The exact amount of alcohol that leads to alcohol poisoning can vary. There isn’t a magic number when it comes to alcohol consumption, because there are so many factors that impact how our bodies will respond.  A person’s height, weight, race, gender, experience, food consumption and more can affect how their body responds. While the amount can vary, one of the major causes of alcohol poisoning is binge drinking. Binge drinking is defined as, “a pattern of heavy drinking when a male rapidly consumes five or more alcoholic drinks within two hours, or a female rapidly consumes at least four drinks within two hours.”1 When people engage in binge drinking, they often consume more alcohol than they realize. Alcohol is absorbed quickly by your body, and continues to be digested and released, after the drinking has stopped. This means that even if a person passes out or stops drinking, alcohol is still being digested and released into the bloodstream, which can lead to a fatal dose. 

What Are the Signs and Symptoms? 

Alcohol poisoning is a serious, life-threatening issue. Recognizing the signs could save your or someone else’s life. The signs of alcohol poisoning are: 

  • Vomiting 
  • Pale, clammy, blue skin 
  • Slower heart rate 
  • Irregular or slow breathing 
  • Seizures 
  • Unconsciousness 

Someone suffering from alcohol overdose or poisoning may not have all the symptoms, but if their breathing is starting to slow, they can’t be woken up, or even if you simply suspect a person could have alcohol poisoning, then it’s time to act. 
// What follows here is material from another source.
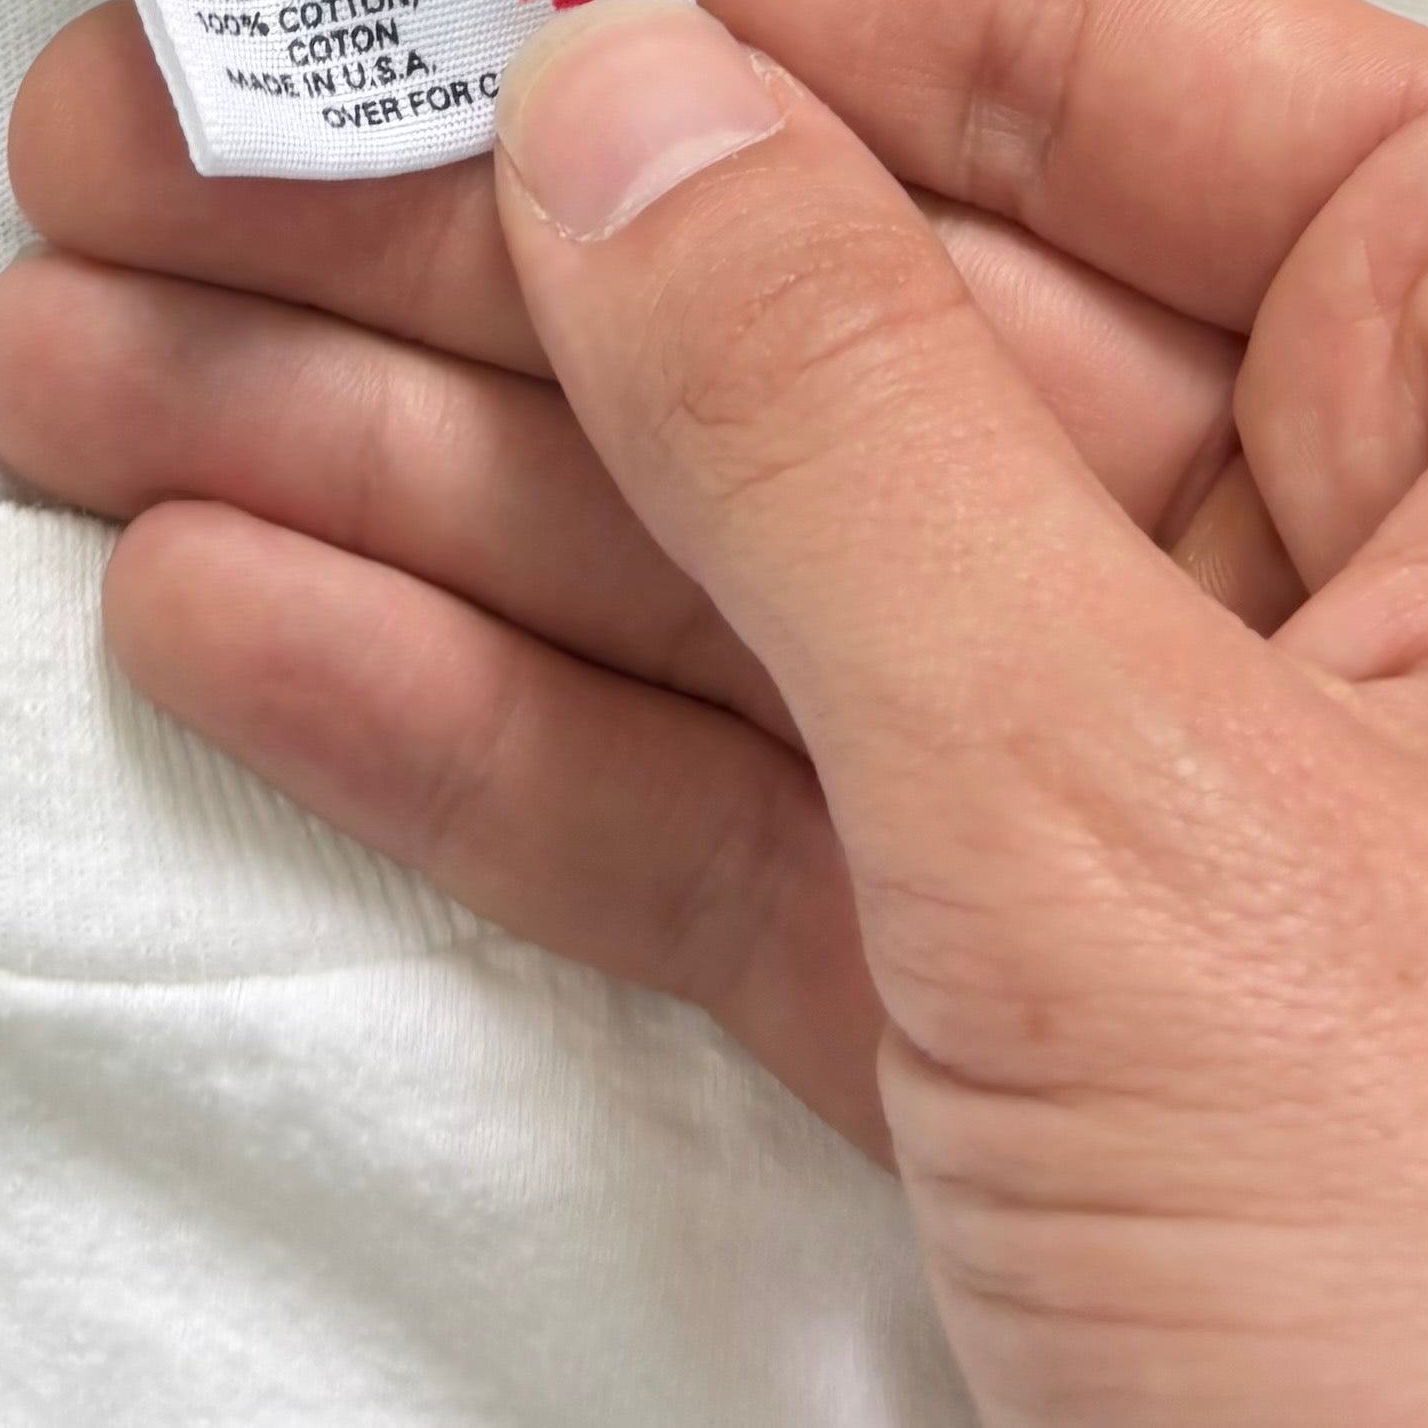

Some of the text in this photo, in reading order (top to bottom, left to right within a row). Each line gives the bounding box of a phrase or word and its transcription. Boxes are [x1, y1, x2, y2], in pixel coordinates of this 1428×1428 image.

What to do if Someone is Suspected of Having Alcohol Poisoning?

The decision to act is critical, in any situation. Your ability to recognize a situation and react can save a life. It’s more important to act on the side of caution rather than think a friend is simply, “passed out.” Once this decision has been reached, you should: 

  1. Call 911 – Get emergency services on the phone or if there are other people around, point at one person and instruct them to call 911 while you stay with the person. 
  1. Provide Information – The more information you can provide about the amount of alcohol consumed, how quickly, etc., Tthe quicker medical personnel can respond. 
  1. Don’t Leave the Person Alone – A person suffering from alcohol poisoning can pass out and choke on their vomit (which should be reason alone to abstain from drinking large amounts of alcohol!). Make sure to lay them on their side or keep them sitting up if possible. 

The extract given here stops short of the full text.